WORK REQUIRED: Write out the entries, please, from the line containing "this 1711×1920 image." through their final line, exactly and with nothing else.

Saved data entries
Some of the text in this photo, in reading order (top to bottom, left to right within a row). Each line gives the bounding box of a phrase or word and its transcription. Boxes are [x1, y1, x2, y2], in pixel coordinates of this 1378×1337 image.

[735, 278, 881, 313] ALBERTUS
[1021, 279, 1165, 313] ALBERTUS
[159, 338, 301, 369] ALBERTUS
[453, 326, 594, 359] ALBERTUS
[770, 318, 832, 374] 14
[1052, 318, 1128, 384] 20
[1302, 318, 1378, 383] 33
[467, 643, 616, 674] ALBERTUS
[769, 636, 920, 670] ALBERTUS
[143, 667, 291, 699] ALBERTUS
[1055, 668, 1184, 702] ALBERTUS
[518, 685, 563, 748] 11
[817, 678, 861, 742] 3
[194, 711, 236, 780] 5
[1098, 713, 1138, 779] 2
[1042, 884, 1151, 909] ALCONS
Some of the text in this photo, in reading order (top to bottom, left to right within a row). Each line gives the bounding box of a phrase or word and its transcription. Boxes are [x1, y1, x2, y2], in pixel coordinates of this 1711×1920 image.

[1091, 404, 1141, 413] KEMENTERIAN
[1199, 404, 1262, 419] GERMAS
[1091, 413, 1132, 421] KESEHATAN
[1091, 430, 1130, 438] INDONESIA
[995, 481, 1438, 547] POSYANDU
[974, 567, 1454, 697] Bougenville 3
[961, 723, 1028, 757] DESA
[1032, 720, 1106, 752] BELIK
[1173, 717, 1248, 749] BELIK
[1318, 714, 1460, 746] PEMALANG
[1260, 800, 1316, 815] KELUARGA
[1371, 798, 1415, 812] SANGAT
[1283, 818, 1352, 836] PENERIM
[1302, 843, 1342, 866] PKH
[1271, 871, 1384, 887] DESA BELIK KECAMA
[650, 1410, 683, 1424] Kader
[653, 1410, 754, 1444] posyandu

RESPONSE AREA:
Some of the text in this photo, in reading order (top to bottom, left to right within a row). Each line gives the bounding box of a phrase or word and its transcription. Boxes are [x1, y1, x2, y2], in pixel coordinates of this 1711×1920 image.

[1091, 404, 1141, 413] KEMENTERIAN
[1199, 404, 1262, 419] GERMAS
[1091, 413, 1132, 421] KESEHATAN
[1091, 430, 1130, 438] INDONESIA
[995, 481, 1438, 547] POSYANDU
[974, 567, 1454, 697] Bougenville 3
[961, 723, 1028, 757] DESA
[1032, 720, 1106, 752] BELIK
[1173, 717, 1248, 749] BELIK
[1318, 714, 1460, 746] PEMALANG
[1260, 800, 1316, 815] KELUARGA
[1371, 798, 1415, 812] SANGAT
[1283, 818, 1352, 836] PENERIM
[1302, 843, 1342, 866] PKH
[1271, 871, 1384, 887] DESA BELIK KECAMA
[650, 1410, 683, 1424] Kader
[653, 1410, 754, 1444] posyandu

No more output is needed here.